:: WHAT TO WORK ON ::
Write all of the entries out again exactly, but not the images.
§ §
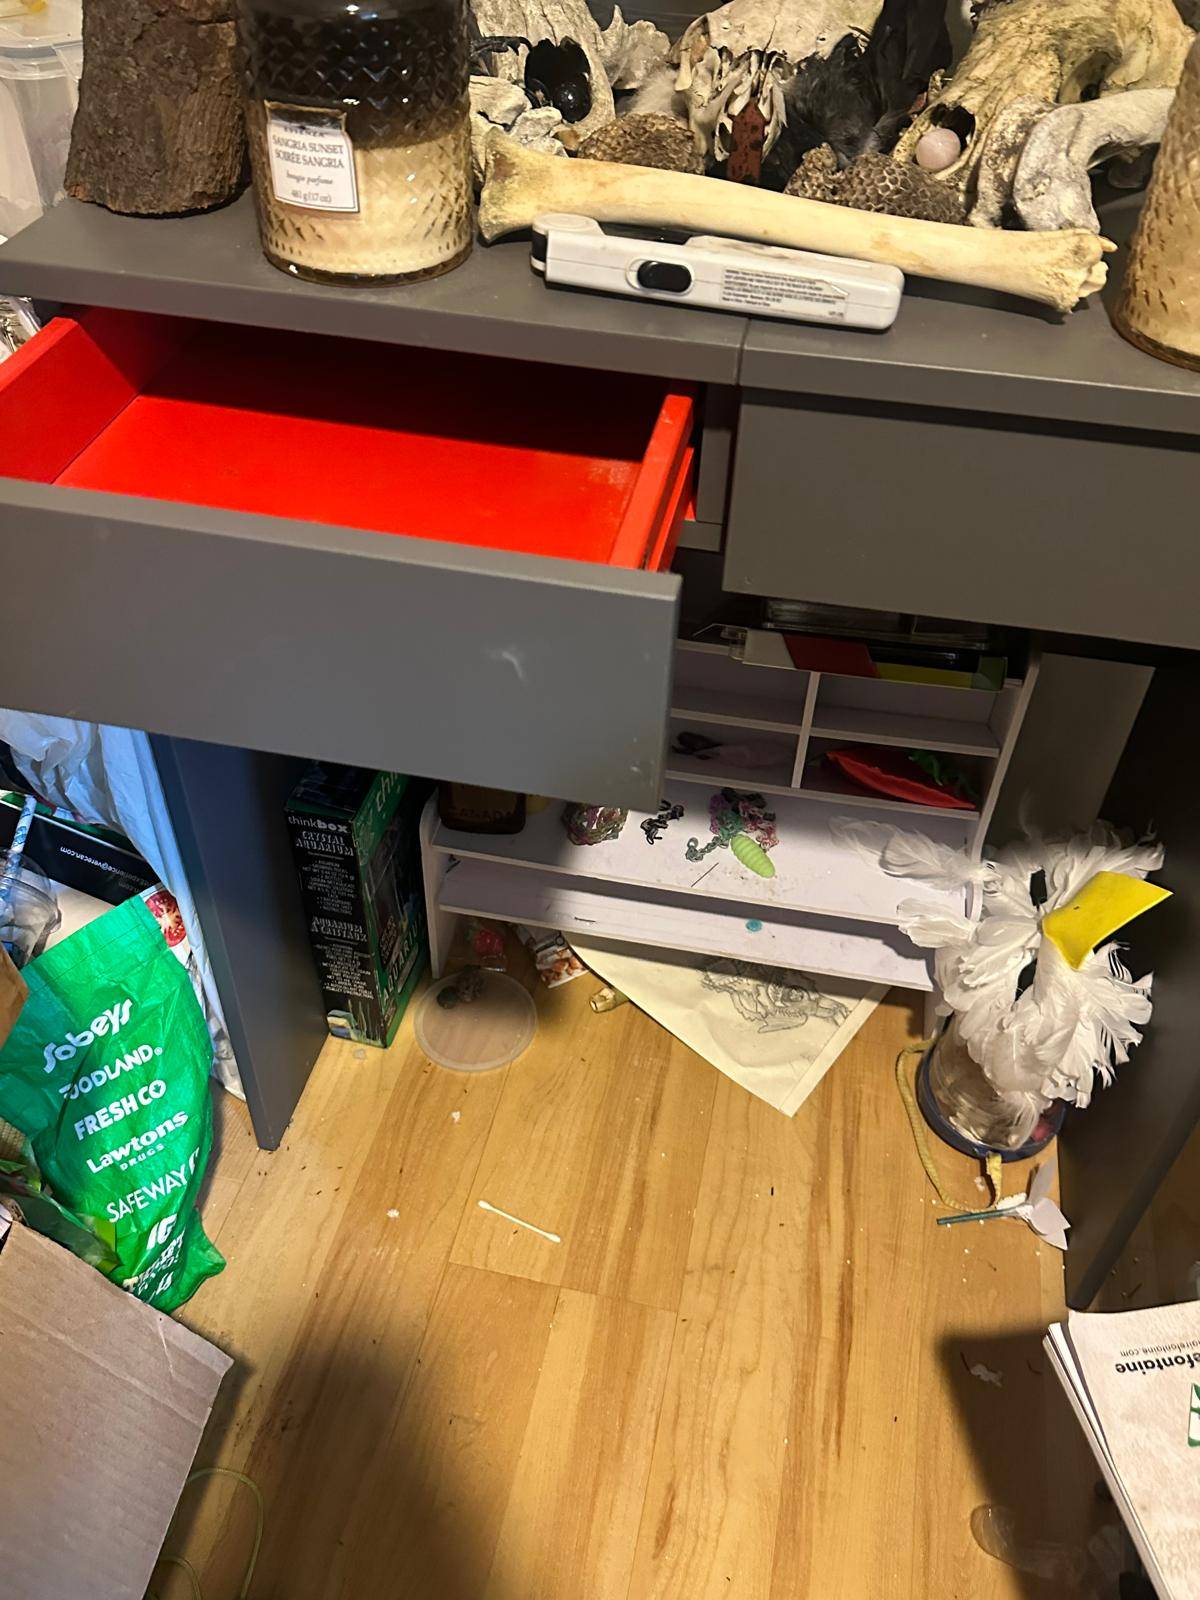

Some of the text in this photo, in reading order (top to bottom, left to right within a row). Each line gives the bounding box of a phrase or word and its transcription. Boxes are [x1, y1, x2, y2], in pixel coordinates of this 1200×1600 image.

[272, 134, 344, 154] SANGRIA SUNSET
[275, 148, 345, 169] SOIRÉE SANGRIA
[288, 816, 351, 833] thinkbox
[296, 839, 354, 856] AQUARIUM
[302, 831, 345, 846] CRYSTAL
[311, 916, 363, 933] AQUARIUM
[320, 927, 368, 942] CRISTAUX
[43, 998, 133, 1074] Sobeys
[86, 1111, 189, 1174] Lawtons
[119, 1143, 165, 1172] DRUGS
[106, 1163, 188, 1223] SAFEWAY
§ §
:: ANSWER BELOW ::
Some of the text in this photo, in reading order (top to bottom, left to right within a row). Each line gives the bounding box of a phrase or word and its transcription. Boxes are [x1, y1, x2, y2], in pixel coordinates of this 1200×1600 image.

[272, 134, 344, 154] SANGRIA SUNSET
[275, 148, 345, 169] SOIRÉE SANGRIA
[288, 816, 351, 833] thinkbox
[296, 839, 354, 856] AQUARIUM
[302, 831, 345, 846] CRYSTAL
[311, 916, 363, 933] AQUARIUM
[320, 927, 368, 942] CRISTAUX
[43, 998, 133, 1074] Sobeys
[86, 1111, 189, 1174] Lawtons
[119, 1143, 165, 1172] DRUGS
[106, 1163, 188, 1223] SAFEWAY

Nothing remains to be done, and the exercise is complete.